• _REQUIRED WORK_: Every entry must be transcribed without alteration.

Dataset records:
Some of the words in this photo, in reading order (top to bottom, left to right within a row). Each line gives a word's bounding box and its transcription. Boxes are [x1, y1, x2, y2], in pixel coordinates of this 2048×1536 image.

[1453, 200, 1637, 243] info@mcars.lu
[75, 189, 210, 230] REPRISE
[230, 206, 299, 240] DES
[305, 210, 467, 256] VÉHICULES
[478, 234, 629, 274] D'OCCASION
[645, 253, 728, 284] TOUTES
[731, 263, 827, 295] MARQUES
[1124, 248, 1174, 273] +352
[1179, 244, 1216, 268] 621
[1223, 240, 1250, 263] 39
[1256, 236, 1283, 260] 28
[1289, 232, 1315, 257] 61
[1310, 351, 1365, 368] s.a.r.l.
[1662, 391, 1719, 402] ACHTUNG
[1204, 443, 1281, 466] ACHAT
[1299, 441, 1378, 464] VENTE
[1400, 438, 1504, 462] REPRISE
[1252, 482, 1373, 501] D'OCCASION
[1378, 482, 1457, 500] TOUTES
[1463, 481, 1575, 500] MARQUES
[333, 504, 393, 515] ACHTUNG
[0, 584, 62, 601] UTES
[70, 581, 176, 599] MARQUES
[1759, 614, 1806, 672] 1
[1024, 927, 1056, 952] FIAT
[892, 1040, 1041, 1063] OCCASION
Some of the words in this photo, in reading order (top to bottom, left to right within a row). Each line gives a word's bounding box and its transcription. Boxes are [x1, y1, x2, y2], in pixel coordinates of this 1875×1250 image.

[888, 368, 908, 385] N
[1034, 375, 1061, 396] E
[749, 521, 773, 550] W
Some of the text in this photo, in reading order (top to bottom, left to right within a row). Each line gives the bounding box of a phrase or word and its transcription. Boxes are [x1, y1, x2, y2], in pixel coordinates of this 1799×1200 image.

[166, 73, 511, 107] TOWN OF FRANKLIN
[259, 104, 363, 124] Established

• _WRITTEN SOLUTION_:
Some of the words in this photo, in reading order (top to bottom, left to right within a row). Each line gives a word's bounding box and its transcription. Boxes are [x1, y1, x2, y2], in pixel coordinates of this 2048×1536 image.

[1453, 200, 1637, 243] info@mcars.lu
[75, 189, 210, 230] REPRISE
[230, 206, 299, 240] DES
[305, 210, 467, 256] VÉHICULES
[478, 234, 629, 274] D'OCCASION
[645, 253, 728, 284] TOUTES
[731, 263, 827, 295] MARQUES
[1124, 248, 1174, 273] +352
[1179, 244, 1216, 268] 621
[1223, 240, 1250, 263] 39
[1256, 236, 1283, 260] 28
[1289, 232, 1315, 257] 61
[1310, 351, 1365, 368] s.a.r.l.
[1662, 391, 1719, 402] ACHTUNG
[1204, 443, 1281, 466] ACHAT
[1299, 441, 1378, 464] VENTE
[1400, 438, 1504, 462] REPRISE
[1252, 482, 1373, 501] D'OCCASION
[1378, 482, 1457, 500] TOUTES
[1463, 481, 1575, 500] MARQUES
[333, 504, 393, 515] ACHTUNG
[0, 584, 62, 601] UTES
[70, 581, 176, 599] MARQUES
[1759, 614, 1806, 672] 1
[1024, 927, 1056, 952] FIAT
[892, 1040, 1041, 1063] OCCASION
Some of the words in this photo, in reading order (top to bottom, left to right within a row). Each line gives a word's bounding box and its transcription. Boxes are [x1, y1, x2, y2], in pixel coordinates of this 1875×1250 image.

[888, 368, 908, 385] N
[1034, 375, 1061, 396] E
[749, 521, 773, 550] W
Some of the text in this photo, in reading order (top to bottom, left to right within a row). Each line gives the bounding box of a phrase or word and its transcription. Boxes are [x1, y1, x2, y2], in pixel coordinates of this 1799×1200 image.

[166, 73, 511, 107] TOWN OF FRANKLIN
[259, 104, 363, 124] Established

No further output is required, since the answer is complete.